▼▼▼

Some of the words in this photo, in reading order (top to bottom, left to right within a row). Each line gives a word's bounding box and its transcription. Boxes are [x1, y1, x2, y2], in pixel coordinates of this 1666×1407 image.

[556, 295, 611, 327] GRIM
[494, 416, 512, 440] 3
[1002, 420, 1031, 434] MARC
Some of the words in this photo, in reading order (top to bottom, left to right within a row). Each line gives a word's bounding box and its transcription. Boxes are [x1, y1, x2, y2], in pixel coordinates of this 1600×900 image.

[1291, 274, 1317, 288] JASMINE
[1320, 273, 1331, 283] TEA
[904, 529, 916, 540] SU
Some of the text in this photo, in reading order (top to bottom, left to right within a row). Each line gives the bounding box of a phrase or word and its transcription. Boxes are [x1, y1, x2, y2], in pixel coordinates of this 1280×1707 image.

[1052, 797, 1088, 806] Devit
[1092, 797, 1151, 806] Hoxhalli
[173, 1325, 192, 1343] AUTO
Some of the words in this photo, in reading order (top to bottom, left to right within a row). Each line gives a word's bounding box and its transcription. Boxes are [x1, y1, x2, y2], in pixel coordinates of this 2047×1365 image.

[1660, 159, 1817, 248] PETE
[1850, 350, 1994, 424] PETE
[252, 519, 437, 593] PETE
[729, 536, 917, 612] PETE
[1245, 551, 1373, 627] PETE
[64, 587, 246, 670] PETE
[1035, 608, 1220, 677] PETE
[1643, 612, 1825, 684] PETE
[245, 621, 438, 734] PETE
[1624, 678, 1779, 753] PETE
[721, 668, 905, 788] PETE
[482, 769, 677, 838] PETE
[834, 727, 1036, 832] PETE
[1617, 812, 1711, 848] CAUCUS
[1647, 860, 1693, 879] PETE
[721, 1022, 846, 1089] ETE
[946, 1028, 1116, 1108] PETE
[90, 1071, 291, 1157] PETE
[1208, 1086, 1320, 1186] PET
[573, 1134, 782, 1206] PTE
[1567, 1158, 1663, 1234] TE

▲▲▲

### PROMPT:
Starting at the line with "this 2047×1365 image.", restate each line through the end of the records, both ends included, and stop there.

### ANSWER TO THIS TASK:
Some of the words in this photo, in reading order (top to bottom, left to right within a row). Each line gives a word's bounding box and its transcription. Boxes are [x1, y1, x2, y2], in pixel coordinates of this 2047×1365 image.

[1660, 159, 1817, 248] PETE
[1850, 350, 1994, 424] PETE
[252, 519, 437, 593] PETE
[729, 536, 917, 612] PETE
[1245, 551, 1373, 627] PETE
[64, 587, 246, 670] PETE
[1035, 608, 1220, 677] PETE
[1643, 612, 1825, 684] PETE
[245, 621, 438, 734] PETE
[1624, 678, 1779, 753] PETE
[721, 668, 905, 788] PETE
[482, 769, 677, 838] PETE
[834, 727, 1036, 832] PETE
[1617, 812, 1711, 848] CAUCUS
[1647, 860, 1693, 879] PETE
[721, 1022, 846, 1089] ETE
[946, 1028, 1116, 1108] PETE
[90, 1071, 291, 1157] PETE
[1208, 1086, 1320, 1186] PET
[573, 1134, 782, 1206] PTE
[1567, 1158, 1663, 1234] TE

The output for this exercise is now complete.